Shadowbrook is by me. I've never heard anything at all about them. The website looked good from the information given.

You should talk to several breeders from showlines, working lines and decide what you want in your puppy. A good breeder can match your family with the right puppy and will work with you as you raise your puppy.


----------



## unloader (Feb 16, 2010)

Smoktya said:


> i would prefer a puppy that way i can do the whole paw and food thing with them to assure them that the dog won't snap. i have had a bad experience with my mother's rescue dog and my children and would prefer not to have a rescue. i don't know if that is bad, but i just prefer my children growing up with a 90+ lb dog that has known them from the beginning


Be prepared for LOTS of biting, my pup just took what felt like a chunk of my calf the other day. They don't call them land sharks for nothing! Although I think our Remy has more alligator in him, he has the death roll down pretty good!

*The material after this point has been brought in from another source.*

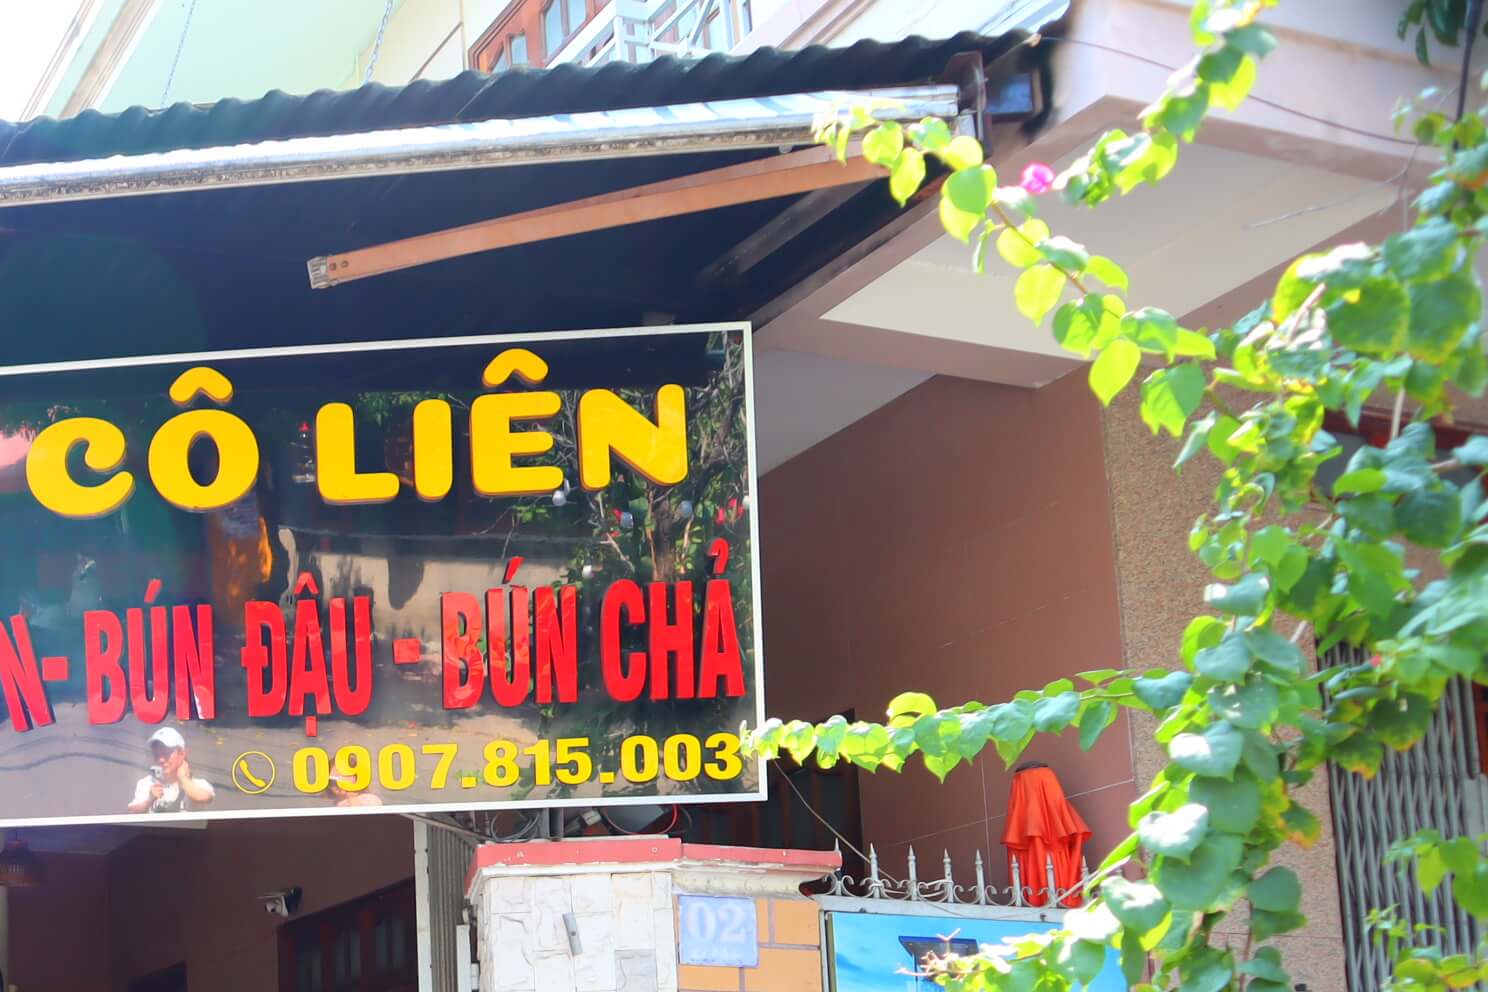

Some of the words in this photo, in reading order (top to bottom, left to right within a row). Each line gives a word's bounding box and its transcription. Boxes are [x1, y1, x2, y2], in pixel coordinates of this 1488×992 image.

Good luck with your search!


----------



## MaggieRoseLee (Aug 17, 2001)

Jax08 said:


> Shadowbrook is by me. I've never heard anything at all about them. The website looked good from the information given.
> 
> You should talk to several breeders from showlines, working lines and decide what you want in your puppy. A good breeder can match your family with the right puppy and will work with you as you raise your puppy.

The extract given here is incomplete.